| BRIEF |
From the line containing "this 1800×945 image." down to the last line of the material, output each line exactly as it appears, excluding pictures.

| DATA FOR THIS EXERCISE |
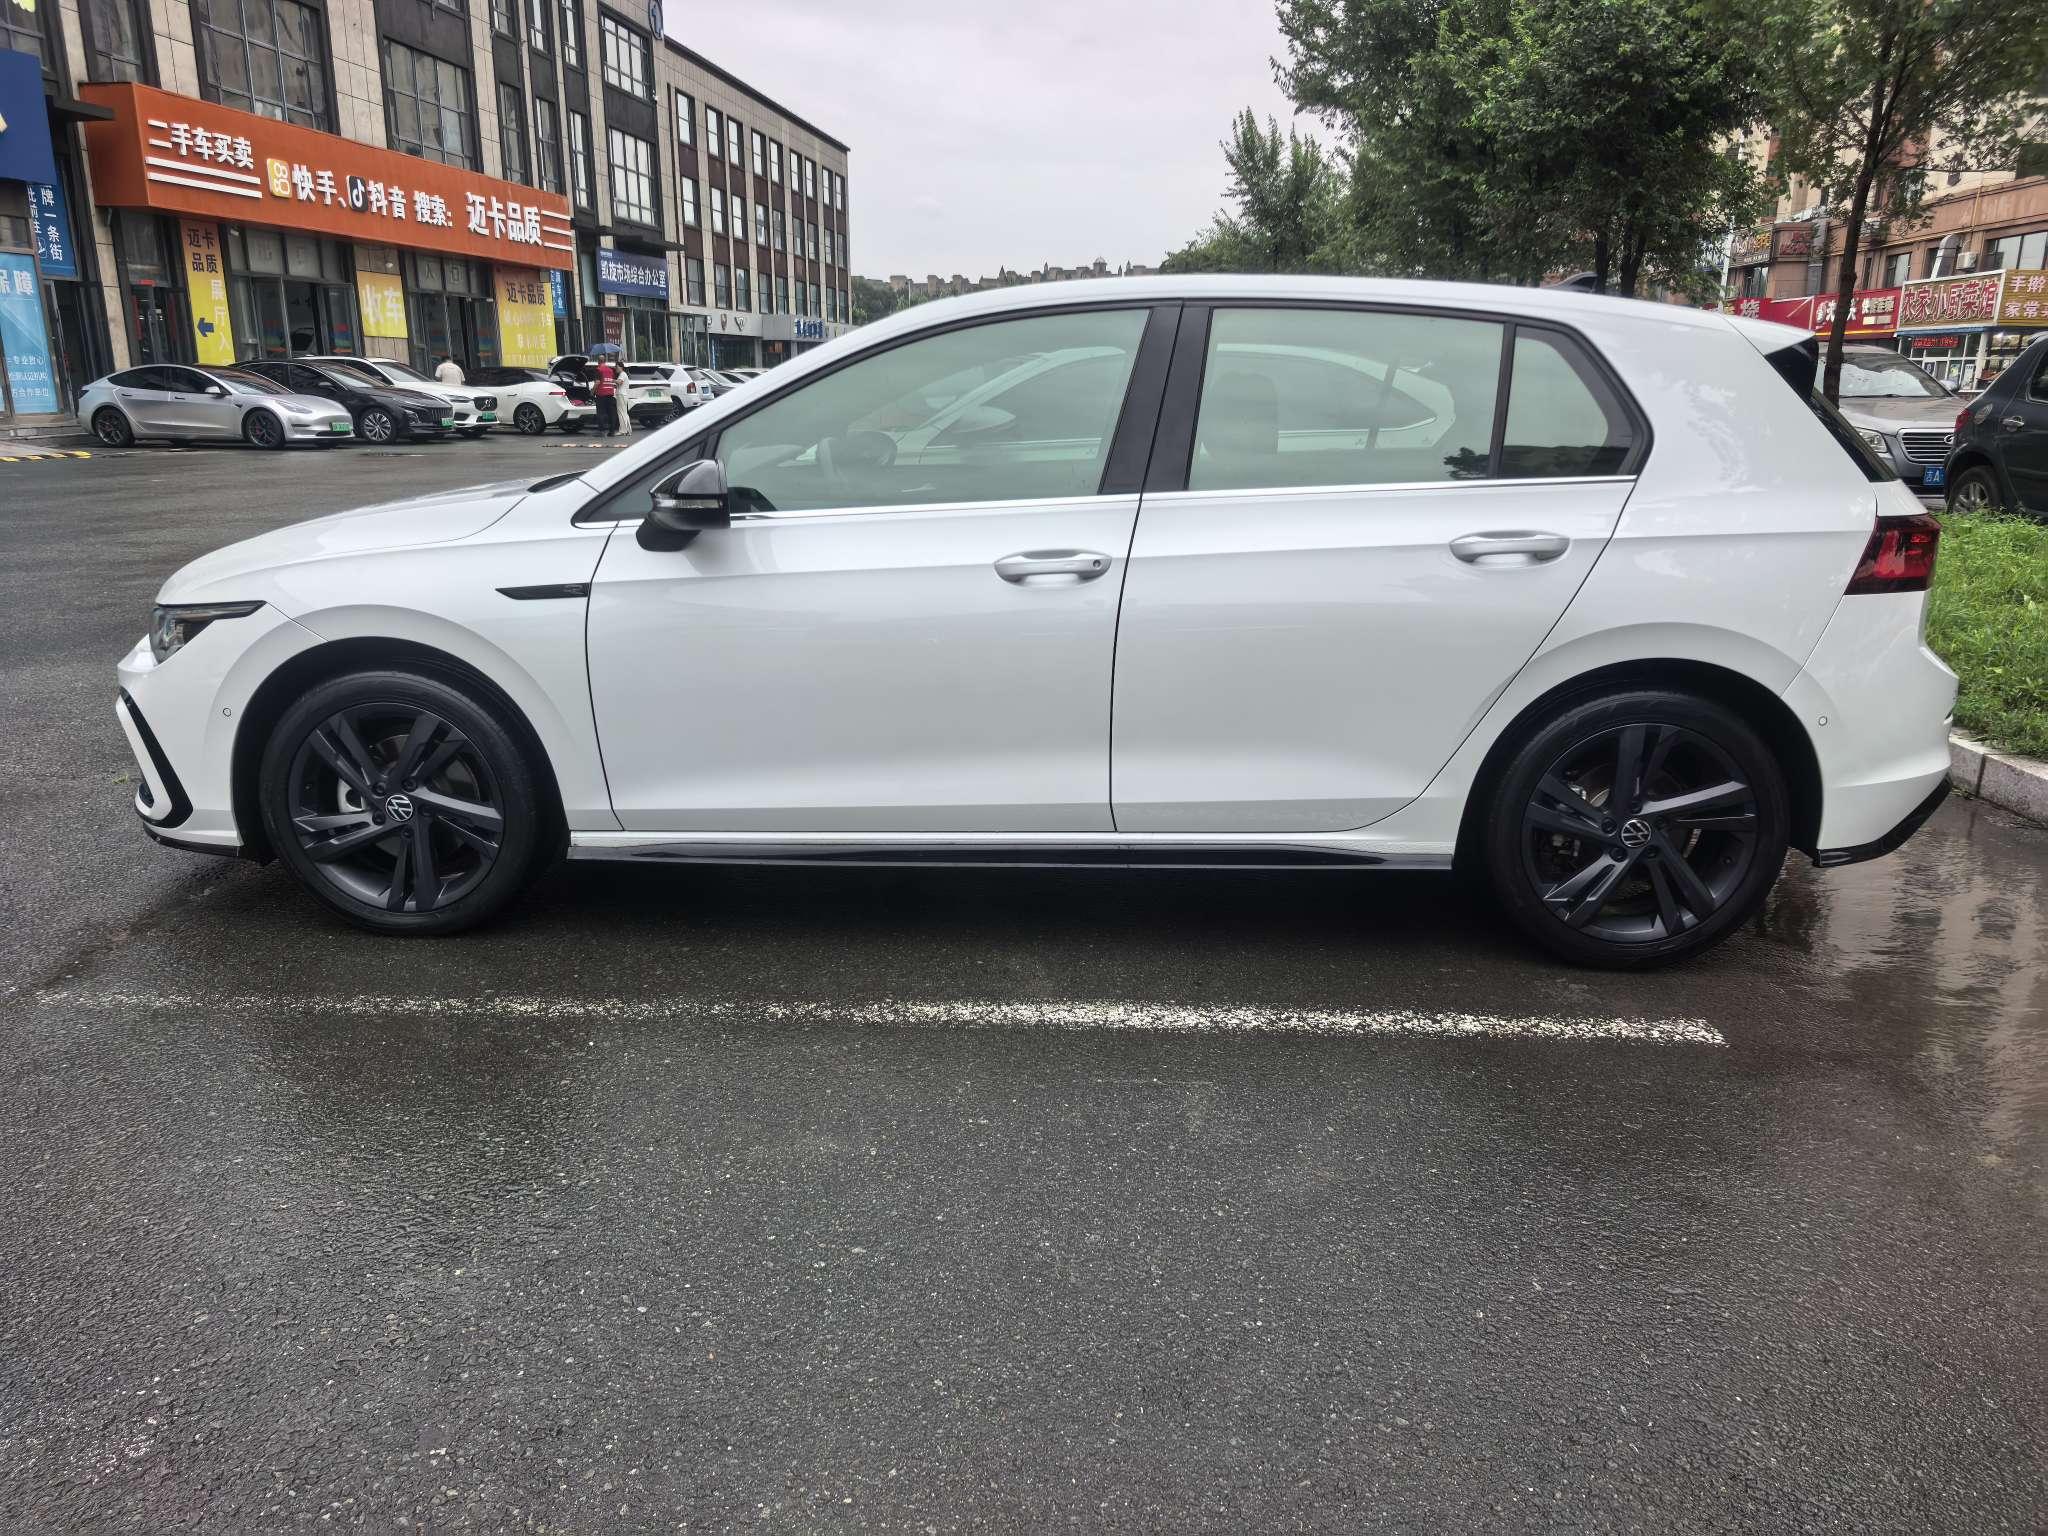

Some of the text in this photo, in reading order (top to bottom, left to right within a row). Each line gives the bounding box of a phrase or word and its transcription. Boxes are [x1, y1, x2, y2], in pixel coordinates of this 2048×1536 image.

[147, 119, 254, 170] 二手车买卖
[367, 179, 407, 220] 抖音
[465, 191, 543, 246] 迈卡品质
[187, 227, 215, 250] 迈卡
[191, 252, 219, 273] 品质
[506, 280, 546, 306] 迈卡品质
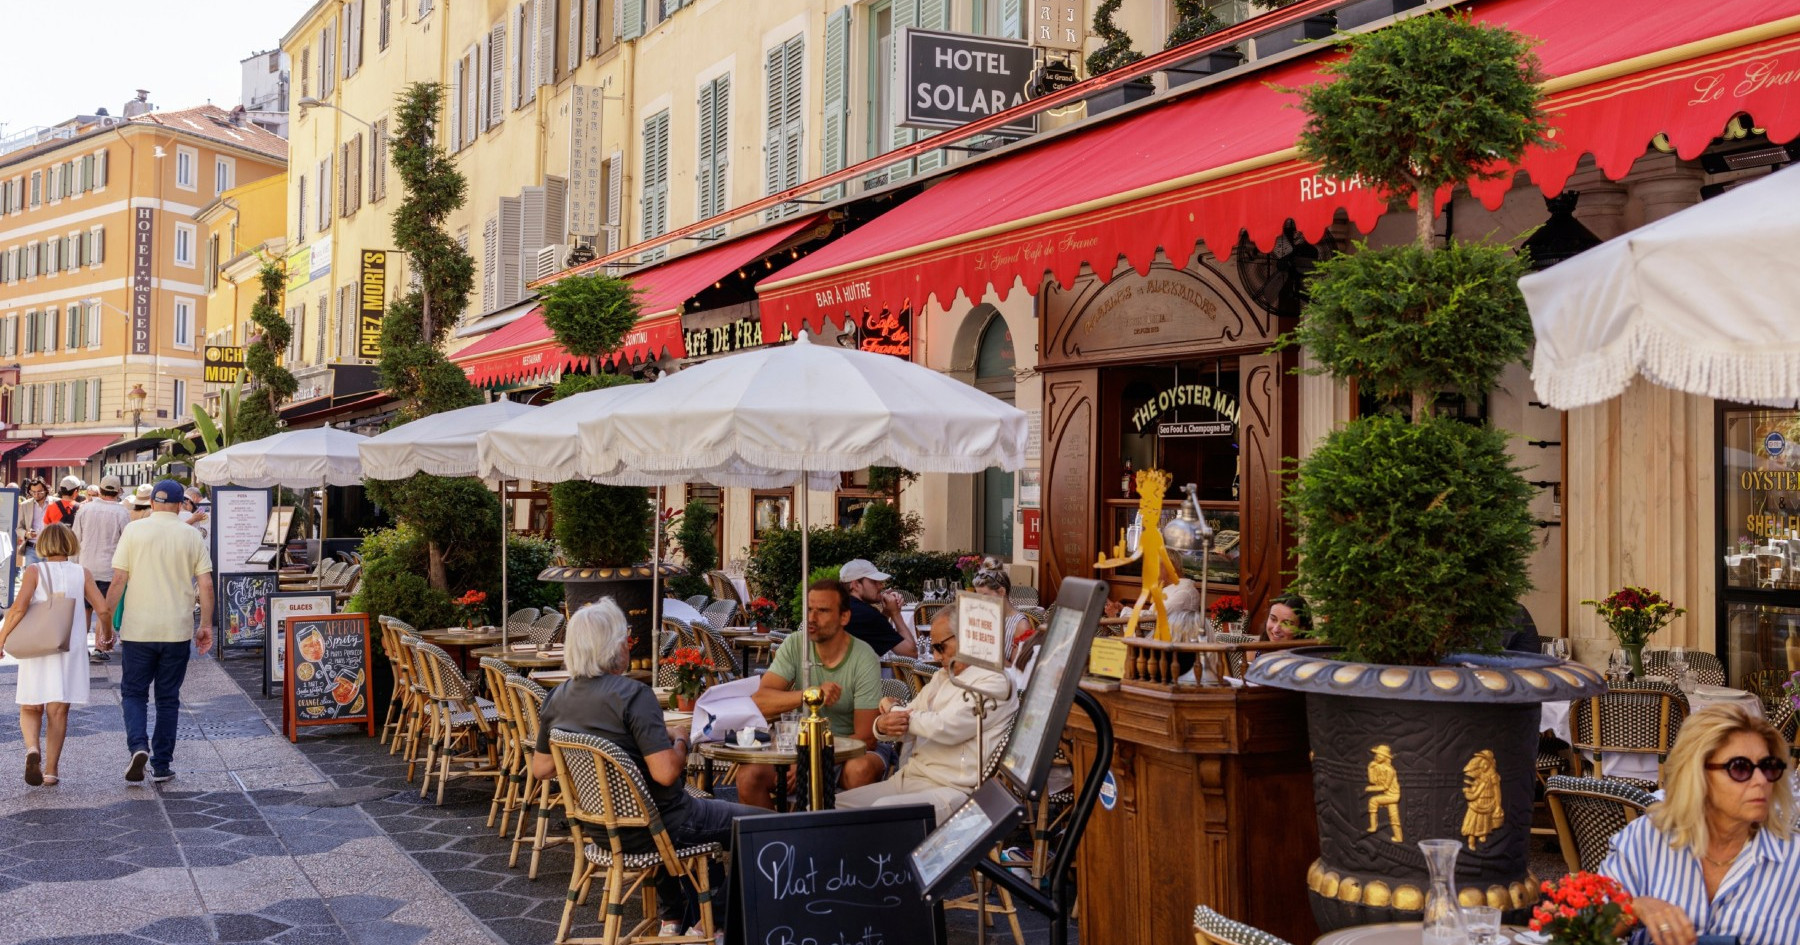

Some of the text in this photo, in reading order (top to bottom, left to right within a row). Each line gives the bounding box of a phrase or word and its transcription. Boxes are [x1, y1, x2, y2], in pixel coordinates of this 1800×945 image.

[935, 47, 1010, 76] HOTEL
[917, 82, 1026, 115] SOLARA
[1688, 73, 1725, 106] Le
[138, 209, 150, 267] HOTEL
[990, 246, 1021, 271] Grand
[1022, 241, 1043, 264] Café
[1044, 239, 1054, 256] de
[1059, 231, 1098, 252] France
[135, 284, 150, 292] de
[363, 252, 385, 311] MORI'S
[815, 290, 834, 308] BAR
[834, 285, 843, 304] À
[136, 294, 147, 353] SUEDE
[361, 316, 383, 356] CHEZ
[891, 326, 909, 341] de
[685, 328, 708, 357] AFÉ
[712, 324, 730, 352] DE
[225, 348, 243, 363] CH
[1132, 397, 1158, 432] THE
[1158, 384, 1211, 411] OYSTER
[1160, 425, 1169, 434] Sea
[1170, 425, 1183, 434] Food
[1188, 425, 1220, 434] Champagne
[1221, 424, 1231, 432] Bar
[1741, 471, 1800, 490] OYSTE
[1779, 497, 1786, 509] &
[1031, 517, 1040, 533] H
[325, 620, 361, 635] APEROL
[298, 698, 320, 707] ORANGE
[757, 841, 818, 900] Plat
[826, 858, 856, 891] du
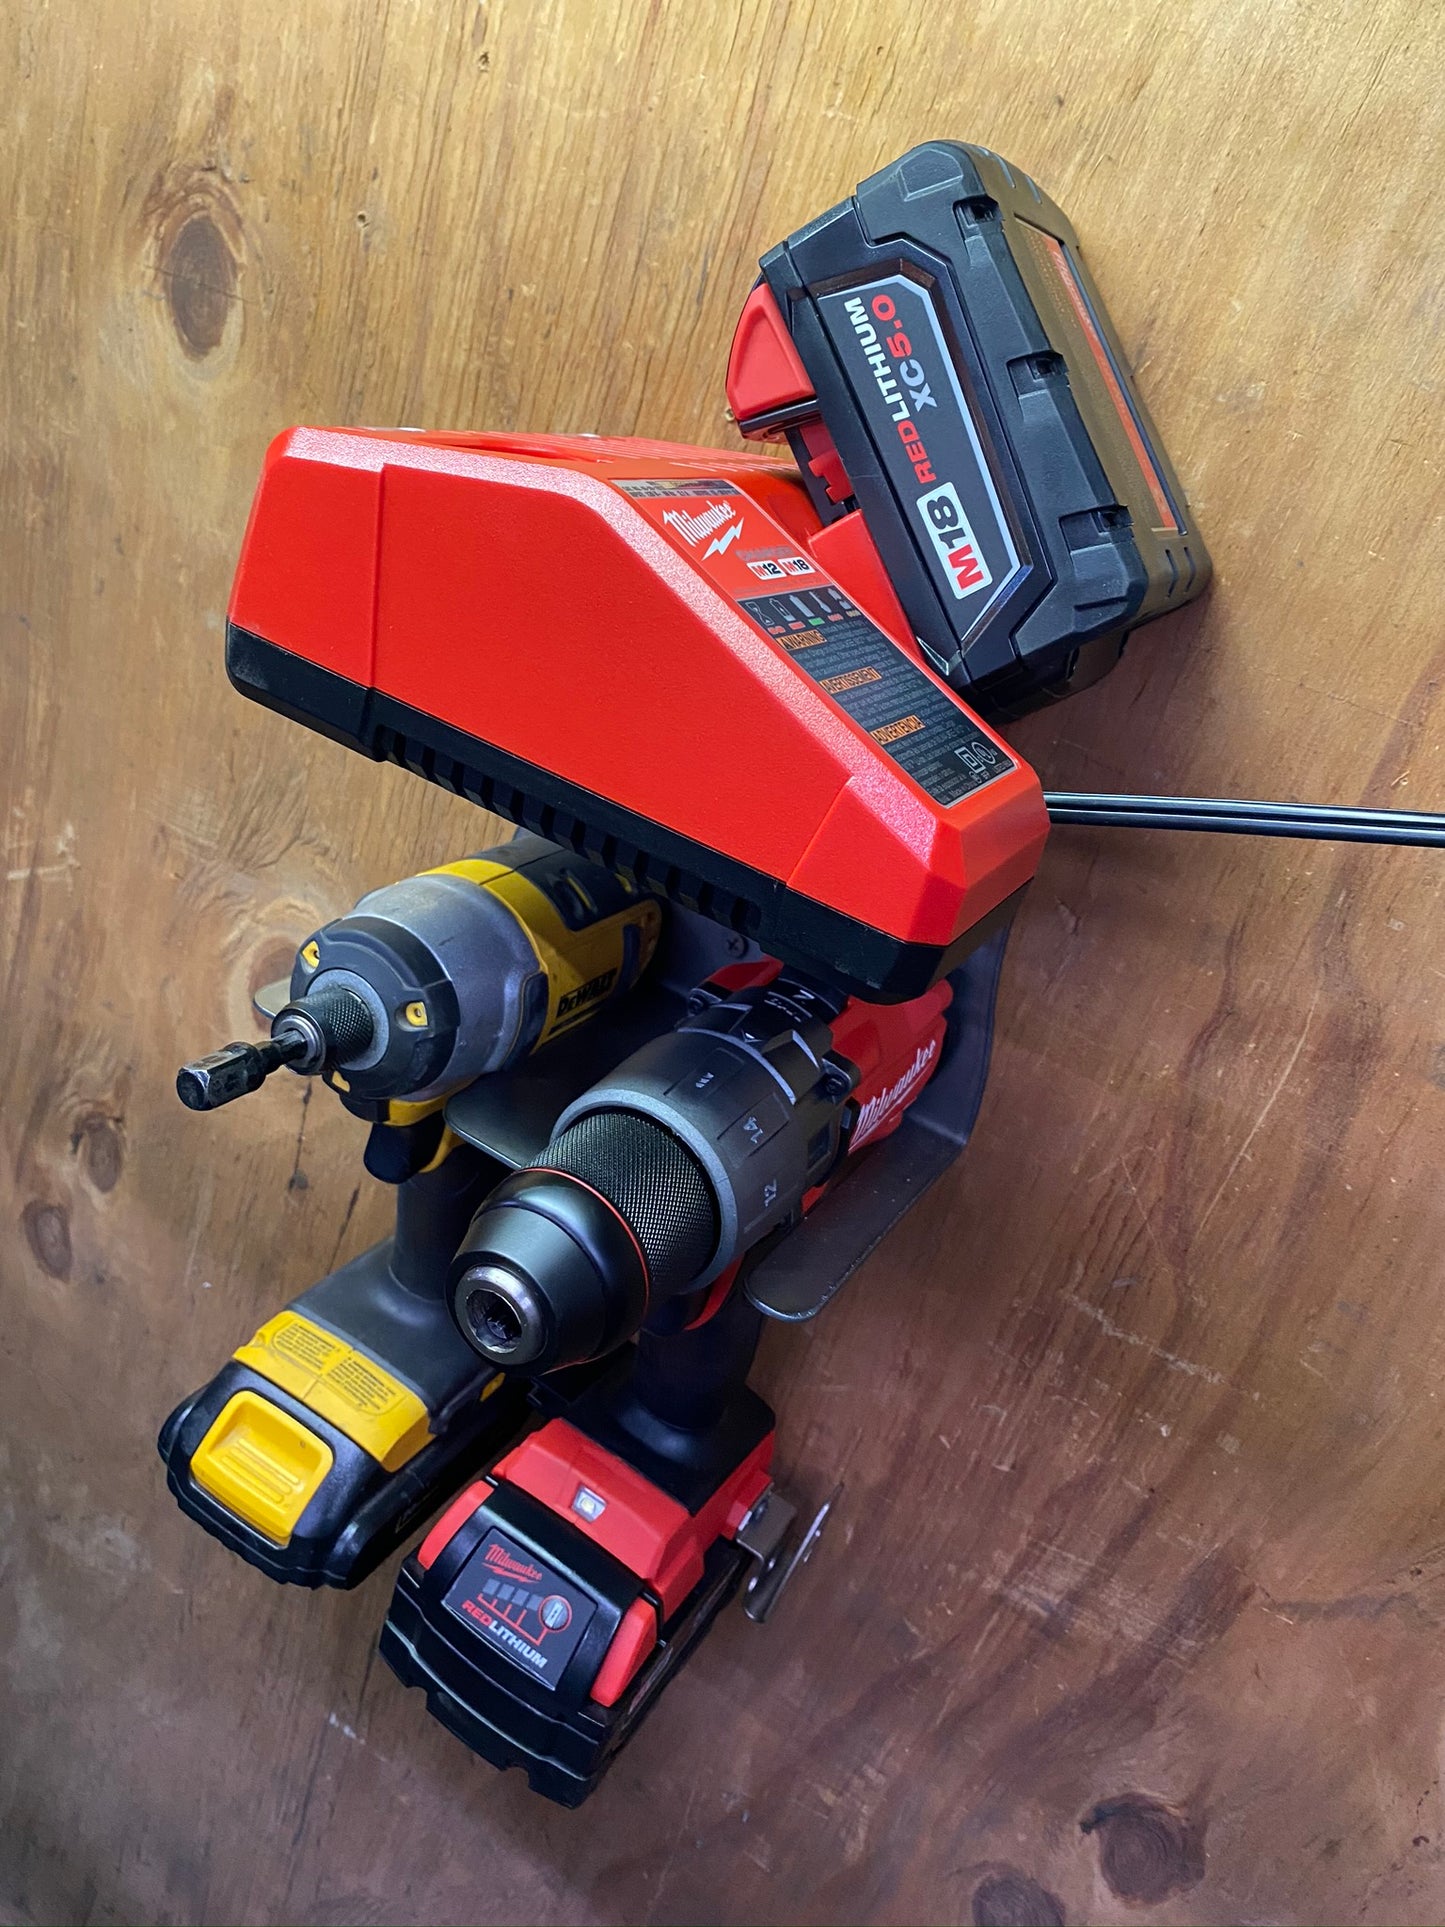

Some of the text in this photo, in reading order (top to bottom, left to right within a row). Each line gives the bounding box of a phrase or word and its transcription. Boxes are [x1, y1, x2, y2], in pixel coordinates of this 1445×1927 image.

| SOLUTION TO THE EXERCISE |
Some of the text in this photo, in reading order (top to bottom, left to right within a row). Each line gives the bounding box of a phrase or word and its transcription. Boxes are [x1, y1, x2, y2], in pixel coordinates of this 1800×945 image.

[935, 47, 1010, 76] HOTEL
[917, 82, 1026, 115] SOLARA
[1688, 73, 1725, 106] Le
[138, 209, 150, 267] HOTEL
[990, 246, 1021, 271] Grand
[1022, 241, 1043, 264] Café
[1044, 239, 1054, 256] de
[1059, 231, 1098, 252] France
[135, 284, 150, 292] de
[363, 252, 385, 311] MORI'S
[815, 290, 834, 308] BAR
[834, 285, 843, 304] À
[136, 294, 147, 353] SUEDE
[361, 316, 383, 356] CHEZ
[891, 326, 909, 341] de
[685, 328, 708, 357] AFÉ
[712, 324, 730, 352] DE
[225, 348, 243, 363] CH
[1132, 397, 1158, 432] THE
[1158, 384, 1211, 411] OYSTER
[1160, 425, 1169, 434] Sea
[1170, 425, 1183, 434] Food
[1188, 425, 1220, 434] Champagne
[1221, 424, 1231, 432] Bar
[1741, 471, 1800, 490] OYSTE
[1779, 497, 1786, 509] &
[1031, 517, 1040, 533] H
[325, 620, 361, 635] APEROL
[298, 698, 320, 707] ORANGE
[757, 841, 818, 900] Plat
[826, 858, 856, 891] du

Some of the text in this photo, in reading order (top to bottom, left to right within a row). Each line gives the bounding box of a phrase or word and its transcription. Boxes are [x1, y1, x2, y2], in pixel coordinates of this 1445×1927 image.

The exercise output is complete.